When Lapthisophon became one of the few Dallas artists chosen to have a room-size installation in the Dallas Museum of Art as part of the Concentrations Series, he worked closely with curator Gabriel Ritter to create one of his most ambitious and enveloping pieces on the walls and floors of two adjacent rooms in the Hoffman Galleries.
Challenging work
Lapthisophon’s “medium” is both mental and physical — old furniture, books, records, domestic objects, pigment, paper, ink, foodstuffs, and, almost always, words, letters and/or numbers. Hence, his installations encompass not only painting, sculpture and architecture, but also ideas.
Perhaps because it is so difficult for him to read (he uses an amazing machine that transforms print into sound), he reads carefully and repeatedly — as if caressing certain favored texts with his eye and mind and ear. As such, their elements become almost intellectual fetishes, which he picks apart and recombines in his work for his unwary reader/viewer.
It is never enough simply to look at a work or an installation by Lapthisophon, and it is his combination of formal and intellectual control that gives his art a unique character. Even his fluent painted and drawn gestures have their origins in calligraphy or gestured writing, which is, in all Asian languages, deliberately difficult to read.

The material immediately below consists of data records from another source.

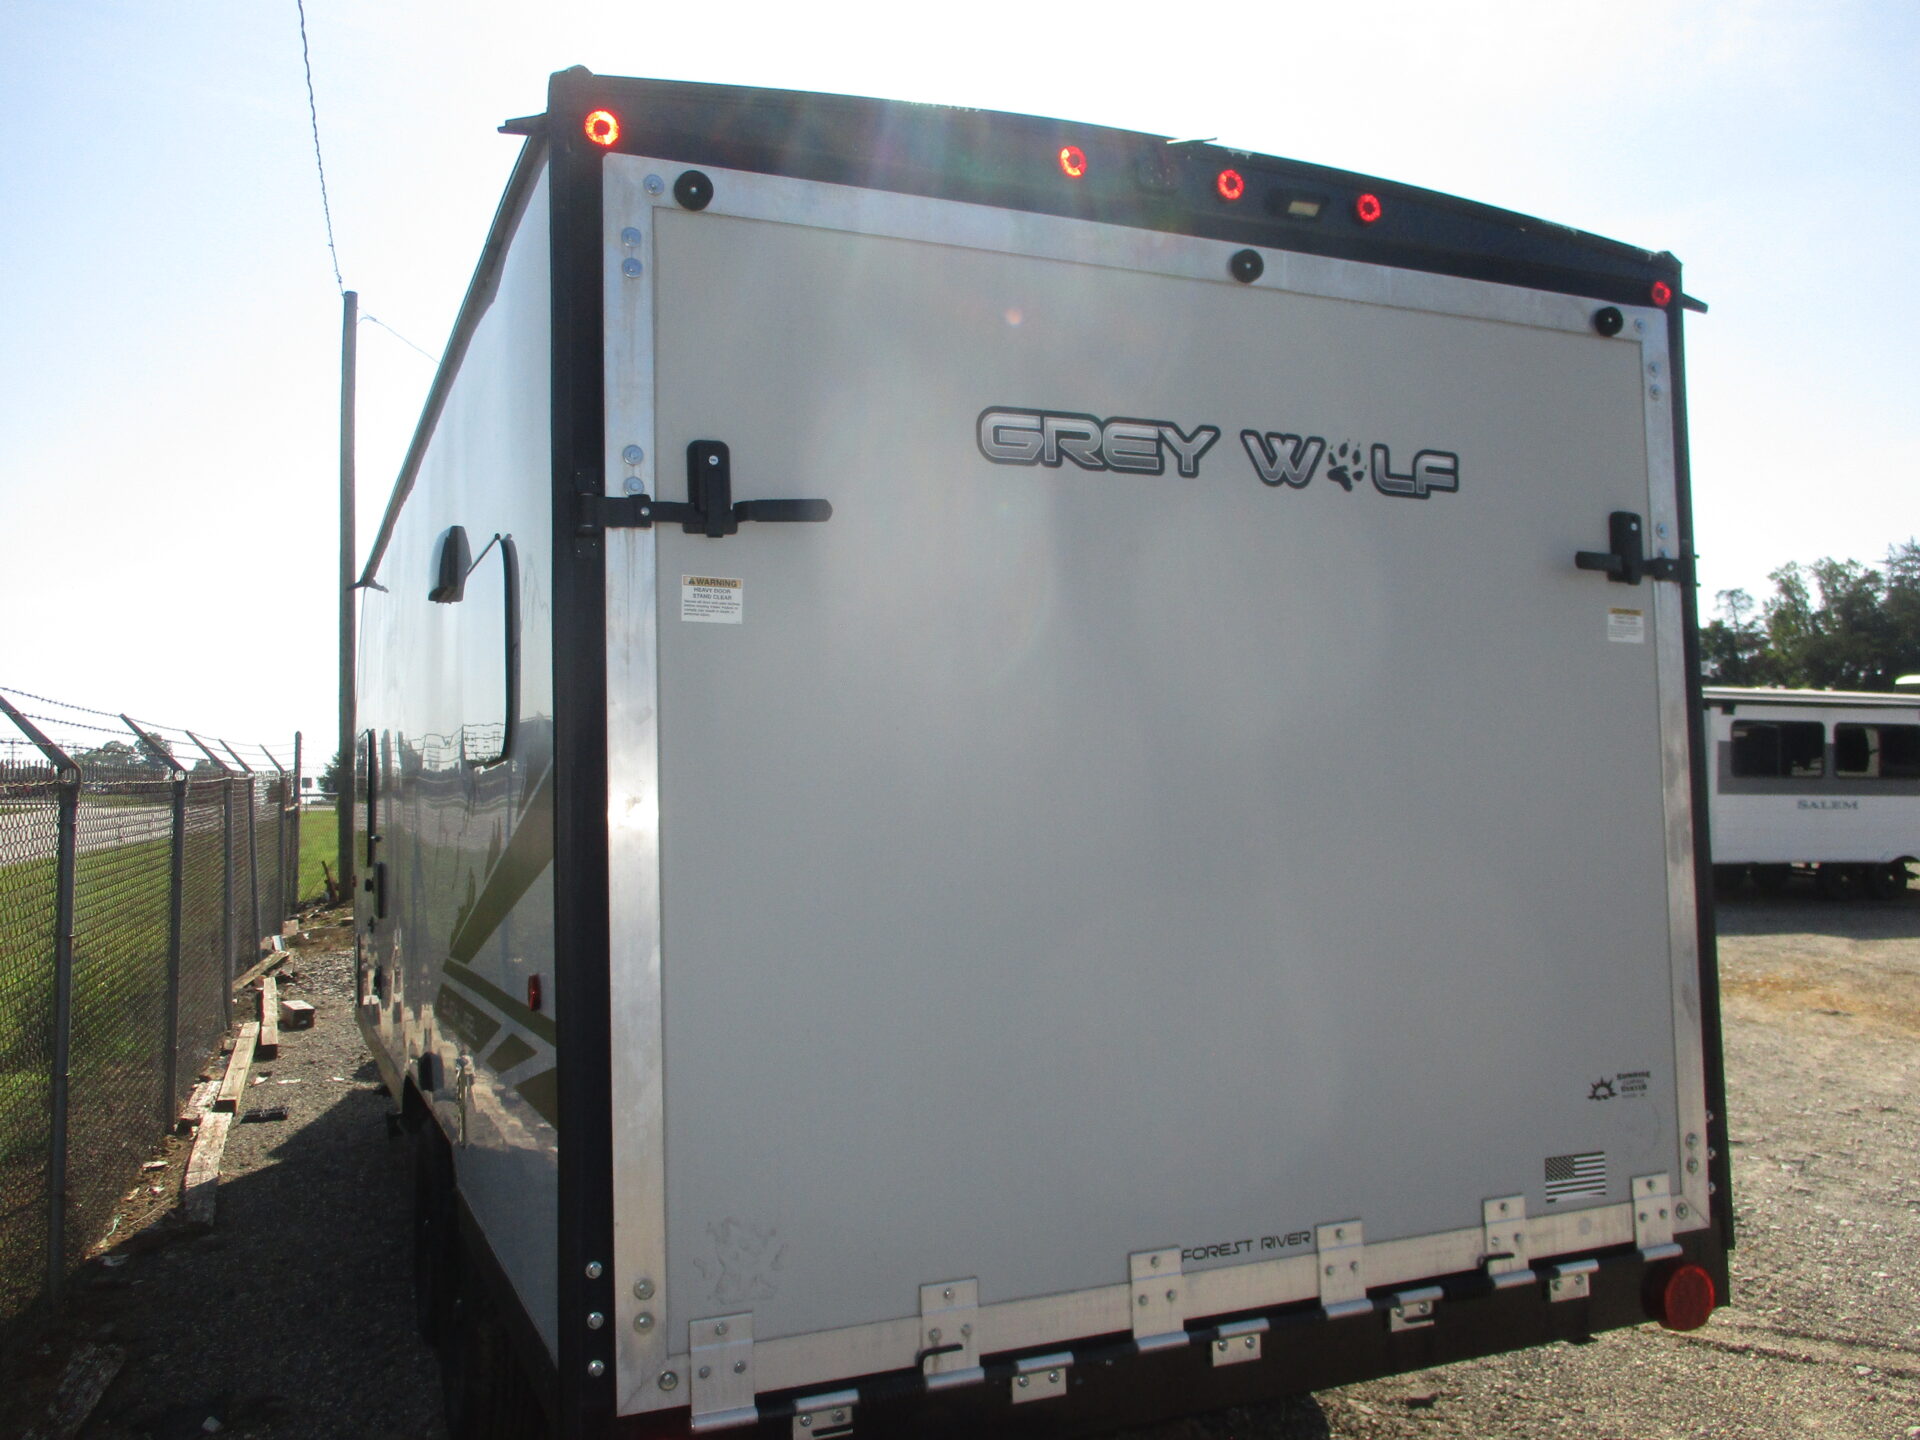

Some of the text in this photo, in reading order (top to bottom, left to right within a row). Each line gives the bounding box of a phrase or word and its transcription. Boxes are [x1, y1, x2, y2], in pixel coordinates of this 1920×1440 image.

[976, 405, 1221, 478] GREY
[695, 576, 737, 588] WARNING
[1797, 799, 1858, 810] SALEM
[1181, 1231, 1311, 1262] FOREST RIVER
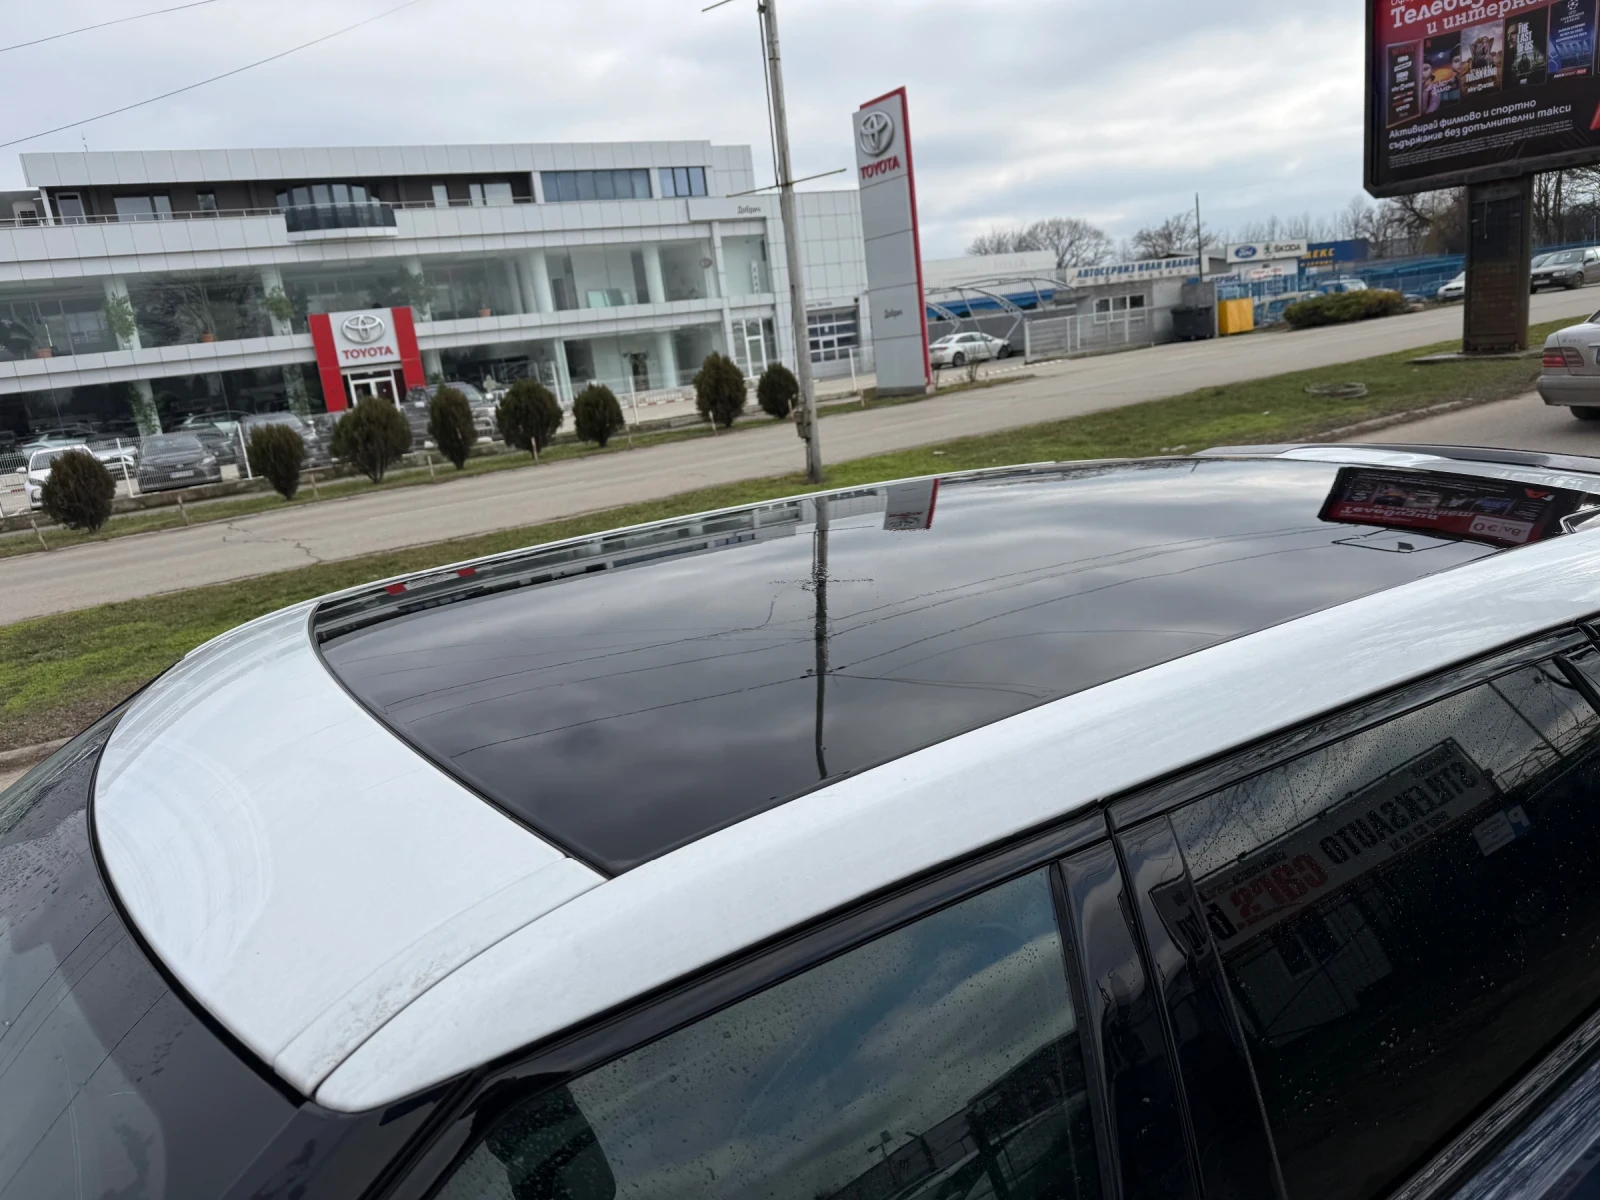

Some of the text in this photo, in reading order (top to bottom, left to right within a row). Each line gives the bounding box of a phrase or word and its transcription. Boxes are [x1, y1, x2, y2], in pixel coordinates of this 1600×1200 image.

In the online and written material produced by the Dallas Art Fair, Lapthisophon is reduced to a two-word phrase — “conceptual artist.” This characterization is both true and completely false at the same time. His art produces responses that are often more intellectual than optical, but it does so with a firm commitment to the materials and gestures of the visual artist.
In our current historical moment of big data and short attention spans, his art forces us to slow down and to “read” it just as he reads and looks — with effort. The more time and effort we take, the more we derive from his visual ciphers. That they are worth the wait goes without saying. Let’s hope that we will make the time for them that they deserve.
Lapthisophon’s is not an art to be “liked,” but to be savored.
Rick Brettell is a contributing writer and the former art critic of The Dallas Morning News. He is the founding director of the Edith O'Donnell Institute of Art History at the University of Texas at Dallas and a former director of the Dallas Museum of Art.